Vuelvo a jugar a la pelota con el gurí, hasta que le digo que me tengo que ir. Después del baño y de seguir postergando los trabajos atrasados, me tomo el ómnibus. Caí a la casa de ella más o menos en la caída del sol, a la hora del informativo del cuatro. Nos tomamos unos mates con la suegra y con Mariana mientras los políticos seguían el discurso eterno y Peñarol perdía de nuevo con Cerrito. El informativo estaba anodino como siempre hasta que apareció el Poroto Sánchez, el corresponsal afásico, en el barrio de casa. Se veía lo de Silva de fondo. Entrevistaba a un milico y éste decía todo lo que sabía. Las declaraciones de la jueza tampoco tenían interés, tampoco sabía nada. El milico dijo algo de ajuste de cuentas, pero es como no decir nada. Silva, que se comió el garrón, por lo menos le escurrió el bulto a las cámaras, cosa que no sucedió con su camioncito, que obtuvo sus quince segundos de publicidad: Fletes Silva, teléfono 244562. La noticia fue más interesante porque era el barrio de casa pero, por lo demás, no daba datos. Probablemente nunca se volviera a hablar del caso. Mariana ya le había contado todo a la madre, es decir, todo menos cómo había llegado el Richard ahí abajo del camión. Yo sólo tenía que decir que había salido como siempre rumbo al trabajo y que no había visto nada, que todo me lo habían contado entre el gurí y la vecina.

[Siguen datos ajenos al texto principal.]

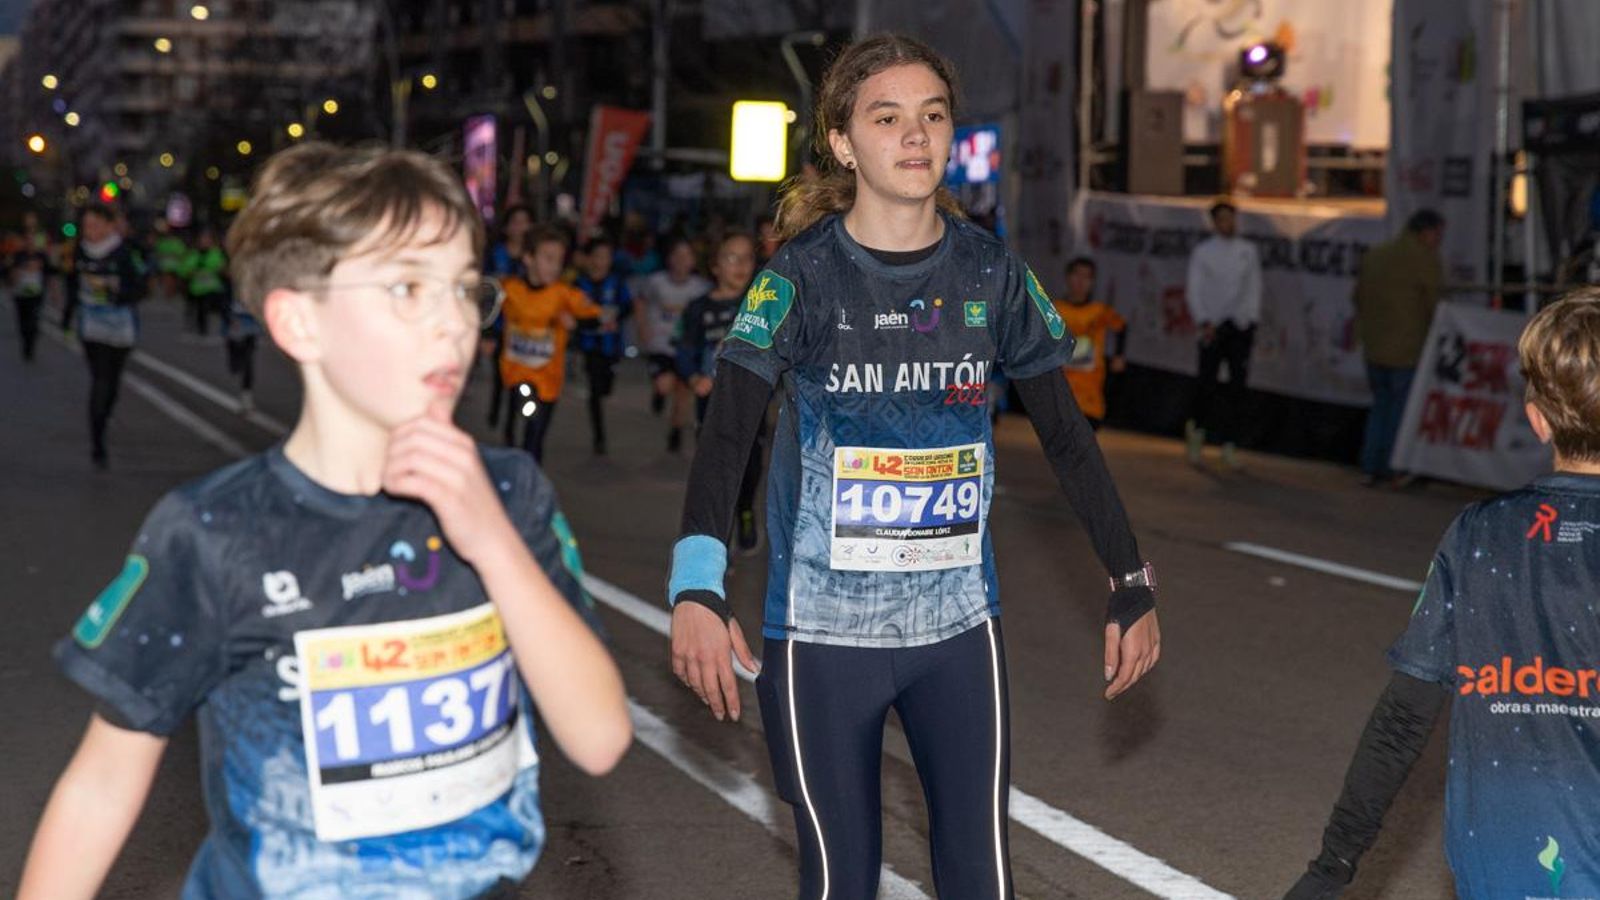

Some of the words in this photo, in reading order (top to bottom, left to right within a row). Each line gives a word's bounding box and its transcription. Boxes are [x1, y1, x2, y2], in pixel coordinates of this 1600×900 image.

Esa noche tocó. Pero fue distinto, esa noche hubo un algo más vertiginoso, un estar acostado en el filo de la navaja. Lo que tenía que volar lo hizo de forma más drástica. Dentro de un túnel de viento, con sopapos de aire, las venas transportando sangre boxeadora. El silencio como pozo. Hasta que decidí romperlo y contarle del papelito.